Na saída de um encontro com o ministro Joaquim Barbosa, presidente do Supremo Tribunal Federal, Alves afirmou que "não há hipótese de não cumprir a decisão". Como se sabe, a corte havia determinado a perda dos mandatos dos deputados João Paulo Cunha (PT-SP), José Genoino (PT-SP), Valdemar Costa Neto (PR-SP) e Pedro Henry (PP-MT).
A decisão do STF deu início a um deletério embate com o Legislativo. No entender desta Folha, cabem aos representantes eleitos pelo povo a prerrogativa e a responsabilidade do ato final de cassação, como estipula o artigo 55 da Constituição -pelo qual somente o Congresso pode cassar mandatos de deputados condenados.

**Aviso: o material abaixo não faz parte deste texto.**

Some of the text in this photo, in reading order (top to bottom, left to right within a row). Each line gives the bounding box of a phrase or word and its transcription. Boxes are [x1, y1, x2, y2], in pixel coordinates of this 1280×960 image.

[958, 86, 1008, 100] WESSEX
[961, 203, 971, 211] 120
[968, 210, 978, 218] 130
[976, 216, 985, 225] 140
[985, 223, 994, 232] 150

O episódio desdobrou-se em trocas de invectivas entre o então presidente da Câmara, Marco Maia (PT-RS), e ministros do Supremo, o que instilou temores de uma crise institucional entre os dois Poderes. Um cenário em que todos perderiam, a começar pela democracia, que passou vitoriosa por vários testes desde a ditadura militar.

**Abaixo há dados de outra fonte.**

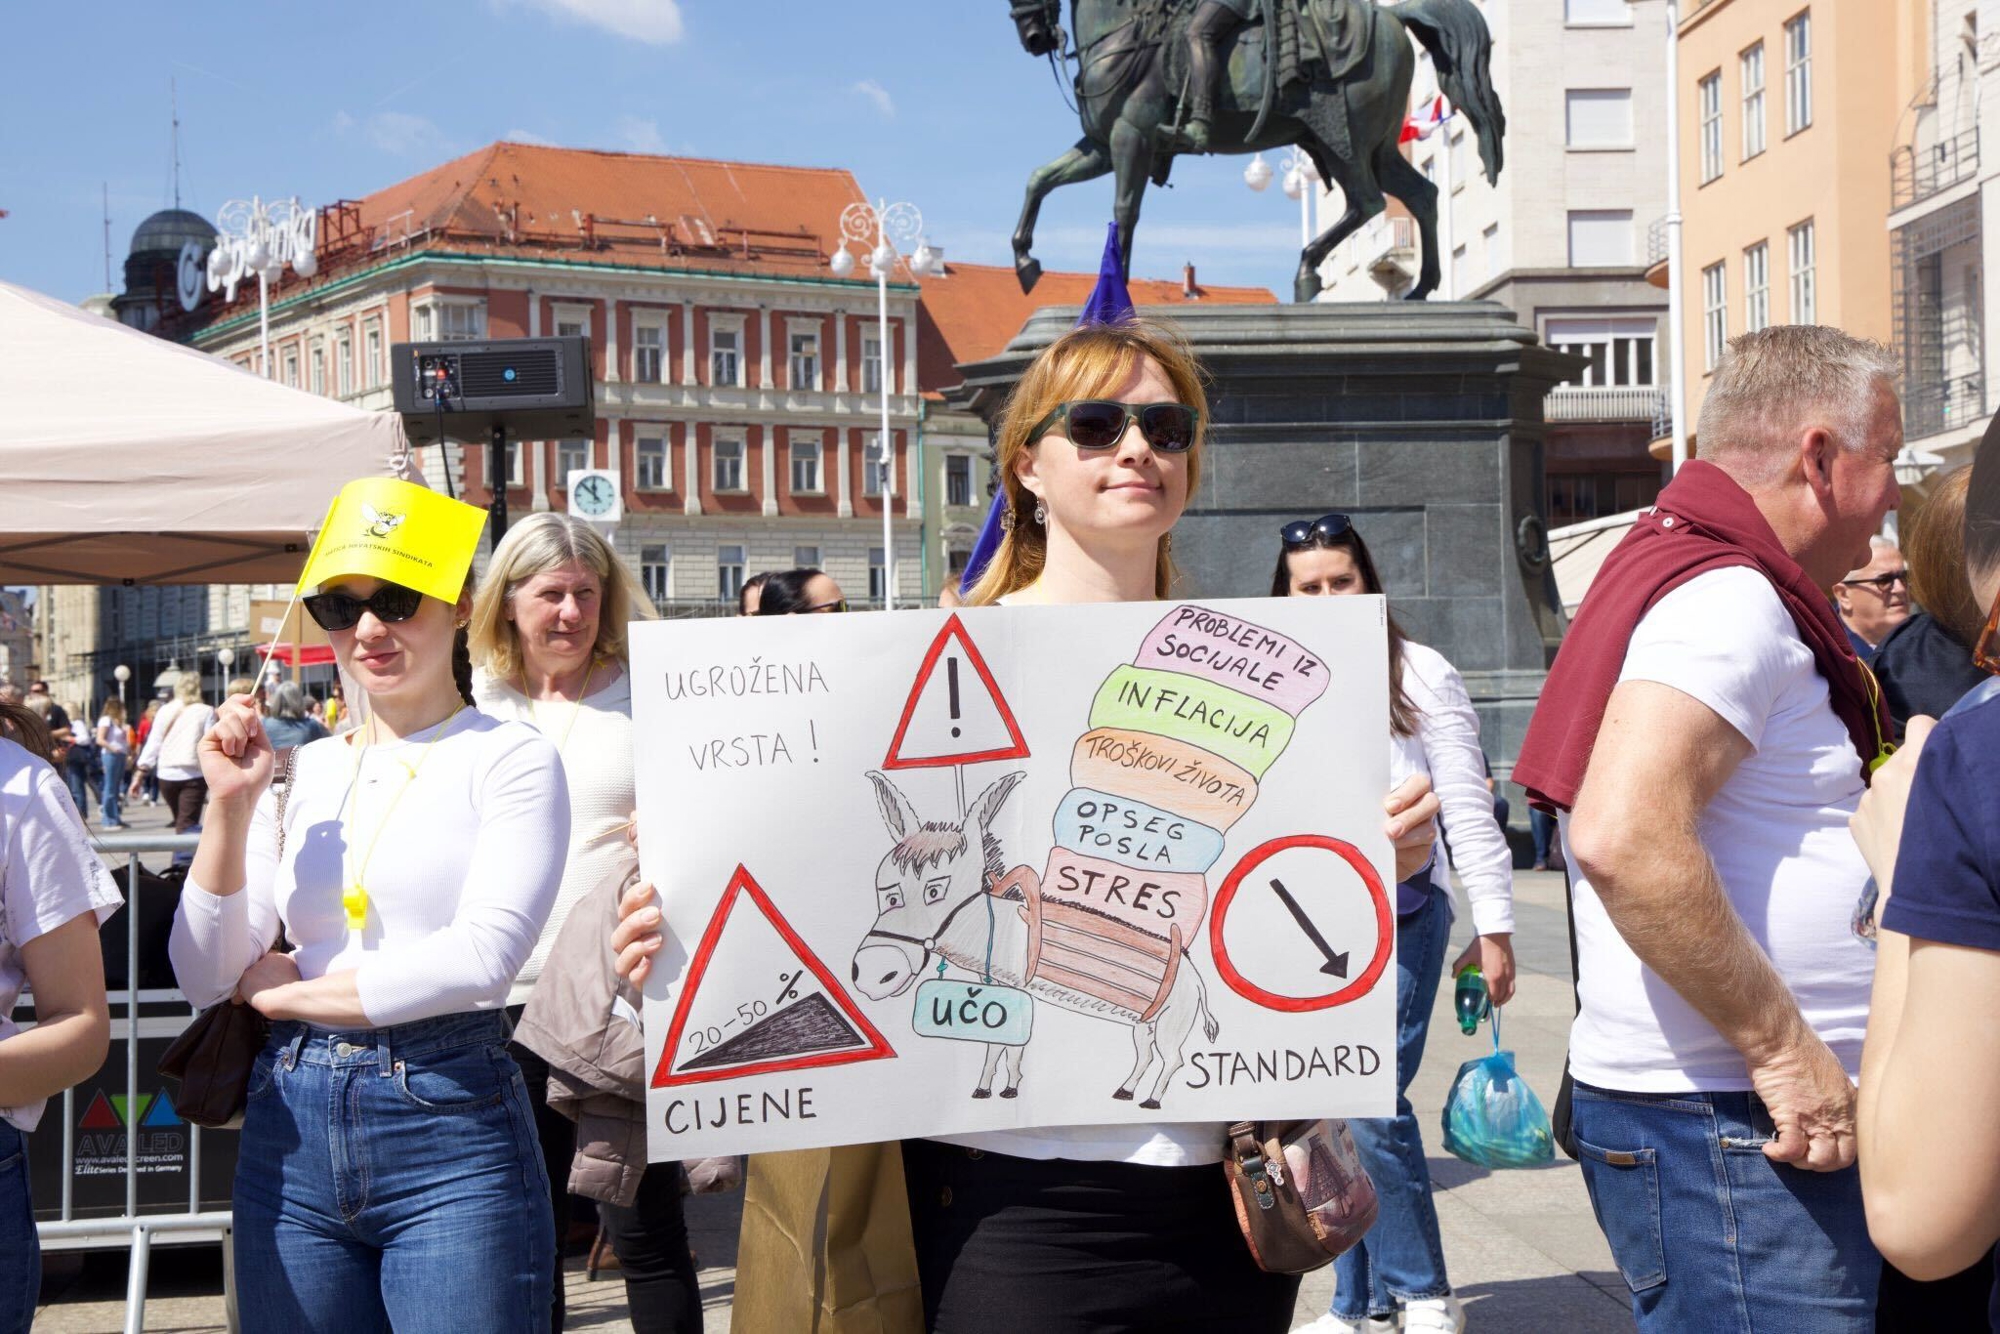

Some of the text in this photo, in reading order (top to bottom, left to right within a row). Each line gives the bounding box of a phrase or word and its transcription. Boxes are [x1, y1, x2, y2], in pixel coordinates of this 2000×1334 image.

A dubiedade de Henrique Alves explica-se pela inusitada resistência a sua campanha para presidir a Câmara. Investido no cargo, mudou de tática -parece agora apostar no alongamento dos trâmites.

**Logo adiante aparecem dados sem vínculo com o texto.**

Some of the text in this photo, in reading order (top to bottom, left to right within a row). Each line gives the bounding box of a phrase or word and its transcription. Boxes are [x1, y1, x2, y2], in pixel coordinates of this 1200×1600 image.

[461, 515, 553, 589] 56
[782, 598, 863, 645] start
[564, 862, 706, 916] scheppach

A Câmara só poderá agir quando o processo estiver encerrado, sem mais recursos a julgar. Estima-se que o prazo para a conclusão seja de cerca de sete meses, embora não haja garantias disso.
Caberia então à Mesa da Câmara declarar a perda dos mandatos, formalizando a decisão do STF. Não faltarão ao presidente da Casa e à base parlamentar governista, entretanto, ideias e oportunidades para esticar prazos, com recurso a expedientes burocráticos, e dar sobrevida parlamentar aos condenados. Seria uma forma de insubordinação branca, inaceitável.
A conveniência política, no entanto, ditará a marcha dos acontecimentos. Não interessa à presidente Dilma Rousseff e a seus aliados, por certo, que o governo seja premido por um confito entre Legislativo e Judiciário, com a partida da reeleição já iniciada.
Para o bem do país e das instituições, uma decisão expedita e madura da Câmara, em obediência ao Supremo, é o caminho a seguir.